YOUR TASK → Your reproduction of the entries should be exact and should contain no pictures.
INPUT MATERIAL START
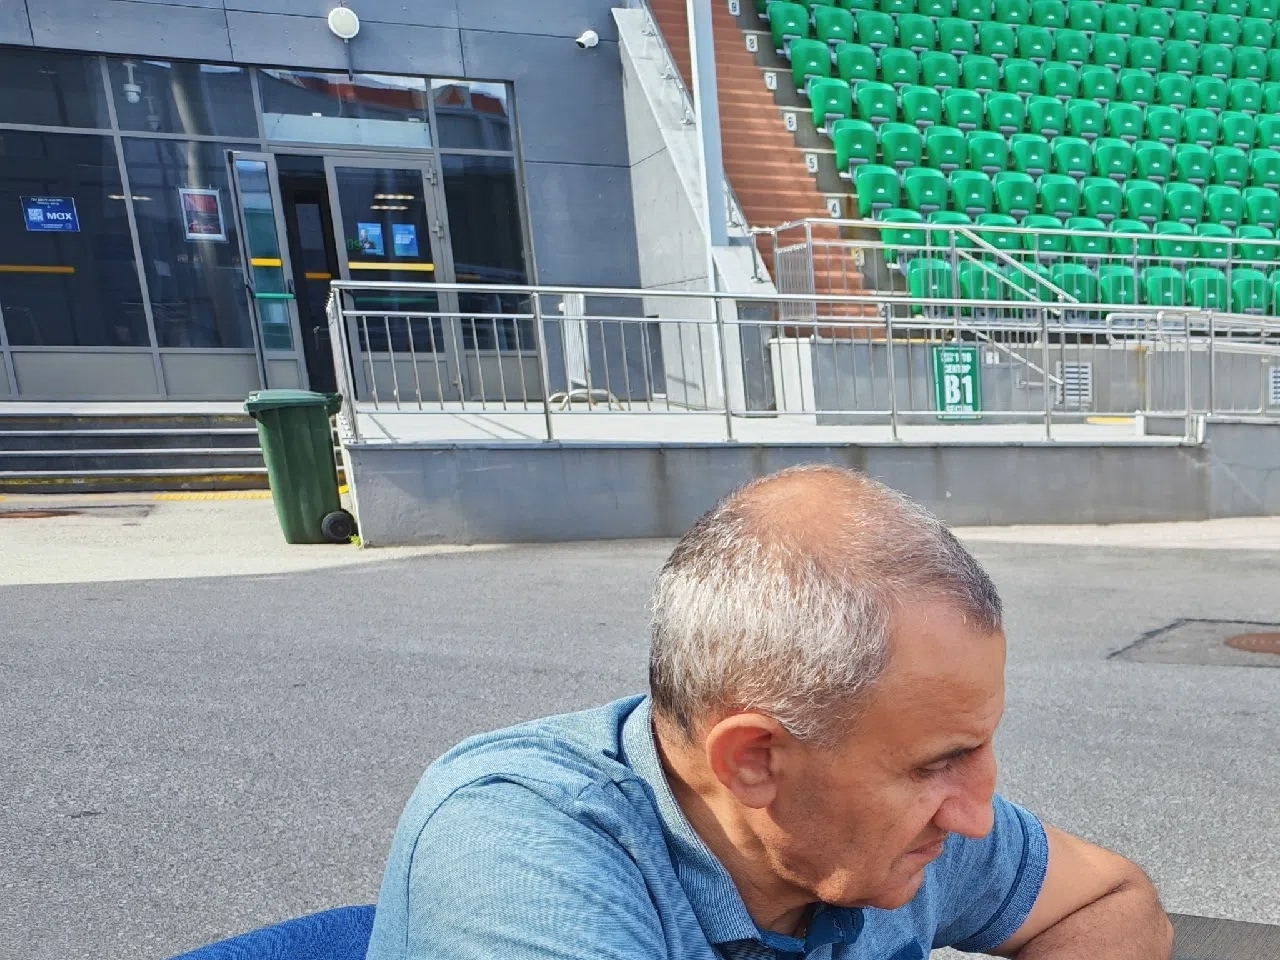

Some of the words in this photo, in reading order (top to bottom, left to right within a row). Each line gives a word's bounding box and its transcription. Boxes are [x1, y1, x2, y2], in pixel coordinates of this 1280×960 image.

[767, 75, 774, 87] 7
[808, 157, 815, 169] 5
[831, 201, 838, 215] 4
[944, 375, 973, 403] B1
INPUT MATERIAL END
EXERCISE RESULT →
Some of the words in this photo, in reading order (top to bottom, left to right within a row). Each line gives a word's bounding box and its transcription. Boxes are [x1, y1, x2, y2], in pixel coordinates of this 1280×960 image.

[767, 75, 774, 87] 7
[808, 157, 815, 169] 5
[831, 201, 838, 215] 4
[944, 375, 973, 403] B1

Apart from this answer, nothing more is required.